At GTC Tuesday, Nvidia introduced several technologies to advance AI factory development.

Nvidia Dynamo is open source inference software for scaling AI reasoning models in AI factories at the lowest cost and the highest efficiency, orchestrating inference communications across thousands of GPUs. Dynamo doubles the performance and revenue of AI factories serving Lama models on today's Nvidia Hopper platforms, and it can boost the performance of tokens generated using DeepSeek-R1 by over 30x per GPU, Nvidia says.

Nvidia Omniverse Blueprint is a digital twin platform for designing and operating AI factories, testing and optimizing power, cooling and networking long before construction starts.

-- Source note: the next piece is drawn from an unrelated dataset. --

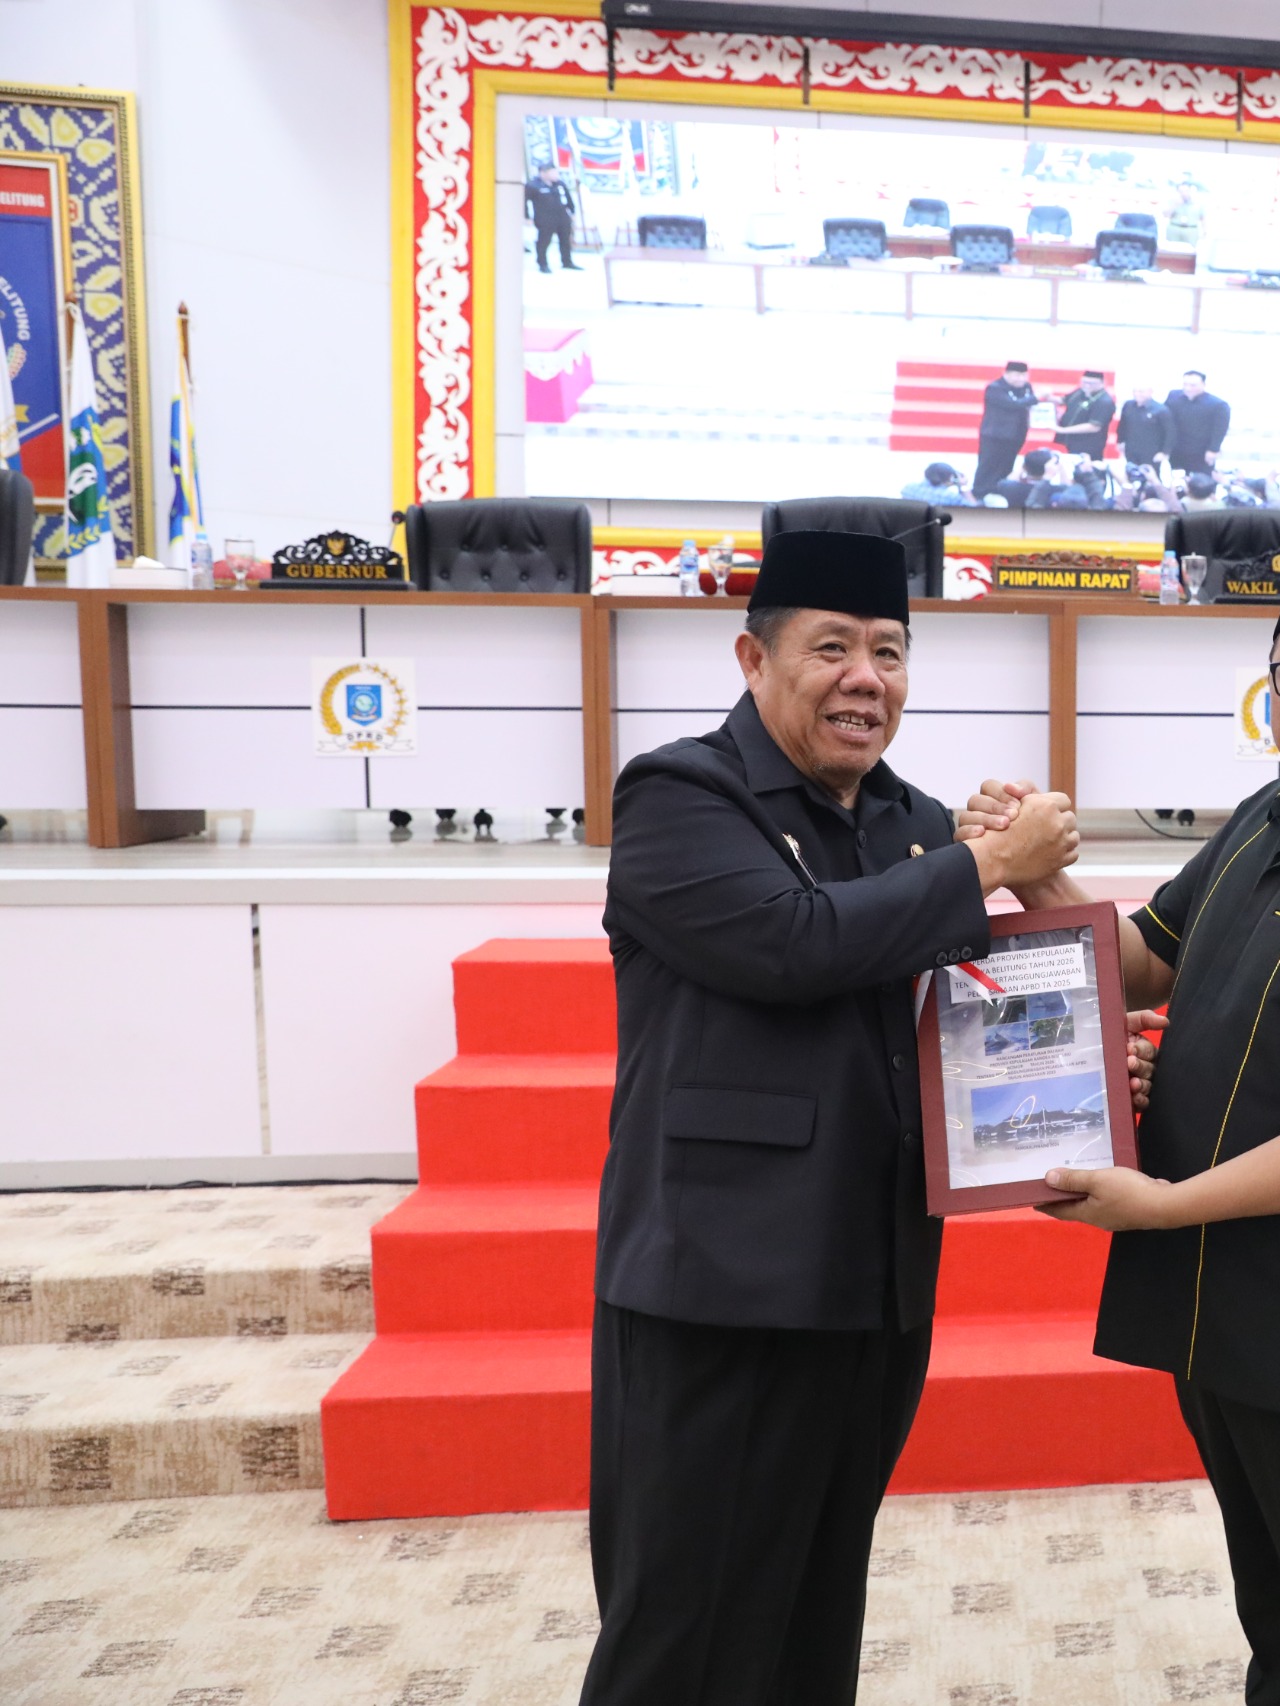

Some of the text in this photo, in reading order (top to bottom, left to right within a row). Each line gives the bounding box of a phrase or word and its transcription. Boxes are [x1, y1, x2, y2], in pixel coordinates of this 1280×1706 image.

And Spectrum-X Photonics is a new line of networking switches to scale AI factories to millions of GPUs, providing 1.6 terabits per second per port to deliver 3.5x energy savings and 10x resilience.

About those cute robots

"Never work with children or animals" is an admonition attributed to the comedian W.C. Fields. If robots had been around a century ago, Fields would likely have added robots to the rule because those machines nearly stole the show at the GTC keynote.

In a video presentation, Nvidia displayed simulations of humanoid robots working in warehouses and factories, kitchens washing dishes side-by-side with a human, and — in a grand finale — a little robot that resembled the robot from the movie Wall-E scratched along in what appeared to be a desert, or the sands of Mars.

Then the Wall-E-looking robot took the stage with Huang, in real life, and the crowd leapt to its feet with their phones in the, squealing with delight (which is why we didn't get a photo — we couldn't get our phones over everyone's heads. Also, we were busy going, "Squee!").

The discussion of robotics wasn't just about cuteness. Far from it. Nvidia sees robots, self-driving cars and other autonomous machines — which it calls "physical AI" — as a significant growth area for the company and a multi-trillion-dollar global industry, meeting a critical global labor shortfall. "This could very likely be the largest industry of all," Huang said.

To drive humanoid robotic development, Nvidia launched several technologies, including Nvidia Isaac GROOT N1, which Nvidia touts as an open, customizable foundation model for generalized humanoid reasoning and skills, along with simulation frameworks and blueprints, such as the Nvidia Isaac GROOT Blueprint for generating synthetic data, as well as Newton, an open source physics engine under development with Google DeepMind and Disney Research, purpose-built for developing robots.

And that's a wrap for day one of the GTC conference. We'll be on the ground Wednesday and Thursday, bringing you the latest news and insights. And maybe we'll be able to get a selfie with that cute little robot.